The lineups are set and preseason is out of the way; it's finally time to see how your favorite NFL team stacks up against the competition. If you're a true fan, then you know your team needs support - especially during the most adverse weather conditions. And since most stadiums in the league were built before the advent of retractable or domed roofs, you also know that game-time temperatures can be bone-chillingly cold and - in rare cases - scorchingly hot. Here's a look at weather-related stats for the NFL over time, including those from some of the most extreme games ever played.
NFL football is primarily a cold-weather sport. It's not uncommon to tune in on any given Sunday to see teams battling it out under a blanket of snow and ice. But despite the recent expansion of season lengths into the winter months, the average temperature of an NFL game is actually on the rise. This is due partly to the season starting ever earlier in the month of September as well as the rise in the number of stadiums in cities with warmer climates. Teams such as the Tampa Bay Buccaneers, Jacksonville Jaguars, and Houston Texans are all recent additions to the league, which cause a spike in the records of average game temperatures.
Coldest Games in History
The impact of cold weather on football games is significant. Icy conditions make it difficult to execute plays, a factor compounded by the joint-stiffening cold air temperatures. A vast majority of stadiums still feature open-roof constructions as well, which ensures that both players and fans alike are subjected to the will of Mother Nature.
Just how cold can it get on gameday? Anyone who watched football in the late '60s might recall the "Ice Bowl," a championship game between the Packers and Cowboys where the temperature dropped to minus-13 degrees with a terrifyingly low windchill of minus-48. At these temperatures, everything becomes difficult - resulting in constant loss of footing and plenty of turnovers. These fumbles wreak havoc on team strategies.
Hot and Cold
The top 10 coldest games in league history all took place in temps of single digits or below zero. One of the hottest games on record occurred in 2003 between the Arizona Cardinals and the Green Bay Packers when the game-day temp was a scorching 102 degrees. Both extremes take a significant toll on teams as they struggle to cope with abnormal field conditions.
Select a team below that plays in an open stadium and has played at least 1 home game below freezing between 2009 and 2013 to see their average attendance during those games.
Freezing-cold weather might be enough of a reason for most people to stay indoors where it's warm, but football fans aren't "most people." The attendance records for games played in below-freezing temps show that fans won't let this one factor stop them from cheering on their favorite team. MetLife Stadium, home to both the Giants and the Jets, racks up the highest attendance during these games with a slight advantage going to the Giants for the best showing of any team.
The winning percentage for teams in freezing weather reveals some interesting information. Teams whose home turfs are in colder climates manage a higher percentage of cold-game victories. The best cold weather record goes to the Packers by a large margin.

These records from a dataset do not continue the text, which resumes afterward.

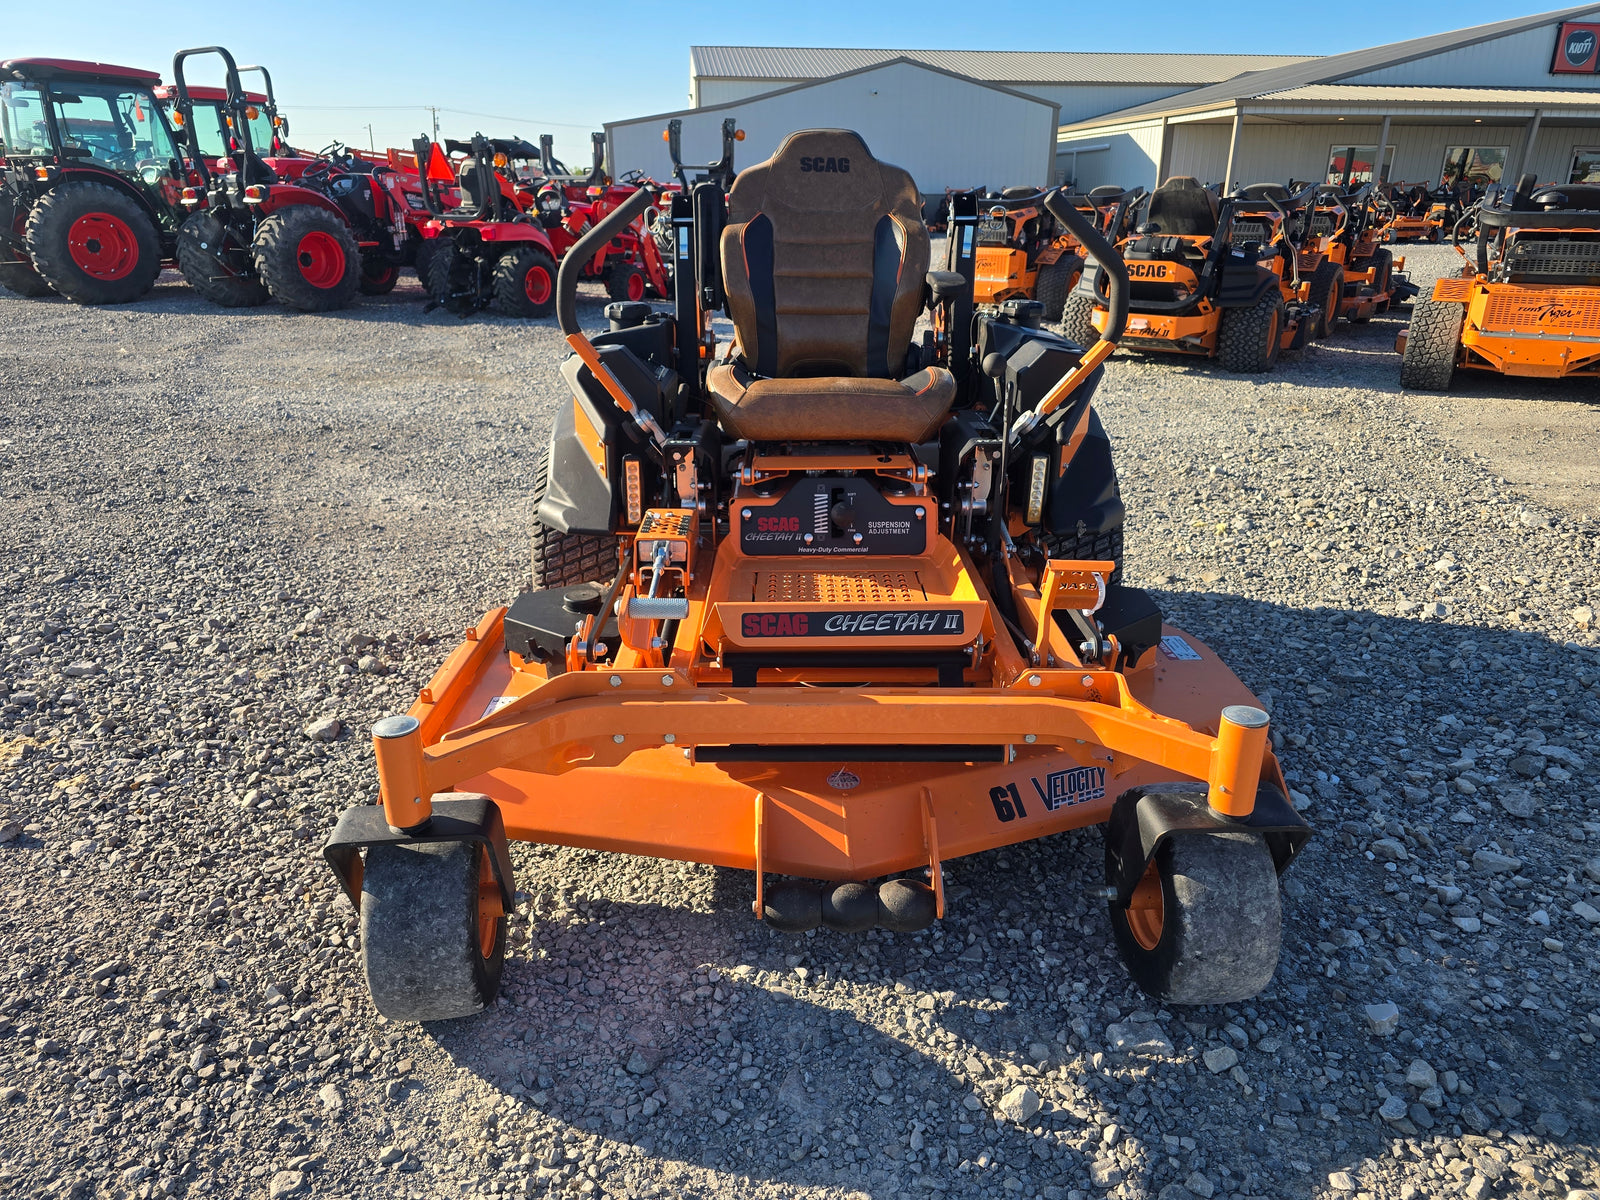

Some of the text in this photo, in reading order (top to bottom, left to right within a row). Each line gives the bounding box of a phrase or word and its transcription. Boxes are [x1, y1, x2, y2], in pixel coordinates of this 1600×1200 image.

[1568, 40, 1592, 54] KIOTI
[800, 157, 850, 173] SCAG
[1126, 263, 1167, 278] SCAG
[757, 517, 800, 532] SCAG
[868, 521, 911, 529] SUSPENSION
[745, 532, 802, 541] CHEETAH II
[744, 612, 960, 636] SCAG CHEETAH II
[989, 766, 1106, 822] 61 VELOCITY
[1053, 788, 1105, 810] PLUS

The presence of frosty air doesn't necessarily equate to a low-scoring game, however. Teams such as the Cardinals, Ravens, and Browns still rack up the points when the mercury drops. The teams on this list all manage an average of at least 26 points when the frost starts to permeate the air.
Looking for an advantage in your fantasy league this year? Perhaps it's time to consider the weather when choosing your Sunday lineup. Here's a list of teams that commit the most turnovers on days when the temps drop below freezing.
Temperature isn't the only external factor that can affect gameplay; windy weather can make passing plays and field goals much more difficult. The worst stadiums in this respect reside in the North, with the Patriots, Giants, and Jets ranking as the windiest home teams in the league.
As difficult as playing in the wind can be, some teams still manage to overcome the conditions and pile on the yards. In fact, the data show a positive trend between average wind speed and the number of yards a team averages.
There isn't a single field surface that is standard in the NFL. Teams can choose between real grass, synthetic turf, or a hybrid of the two. The decision matters too, as teams perform worse when they encounter unfamiliar turf types, making some away games more difficult. For both field types, eight out of the 10 winningest teams are virtually unstoppable when on a field that matches the makeup of their home stadium.
When the Temps Drop
Some people may shudder at the thought of spending hours exposed to the cold, but that's simply not the case for NFL fans. They seem to feed off of adversity, becoming ever more ravenous as temperatures plummet and the winds begin to howl. Teams harness this energy, drawing inspiration from the crowd when things get tough. This relationship helps ensure that these games will be exciting to watch - and provide some of the most memorable action of the year.
Using NFL meta stats and results pulled from pro-football-reference.com, we explored the weather conditions, stadiums, and field types for NFL games since 1960 and looked at which teams played in some of the most extreme conditions.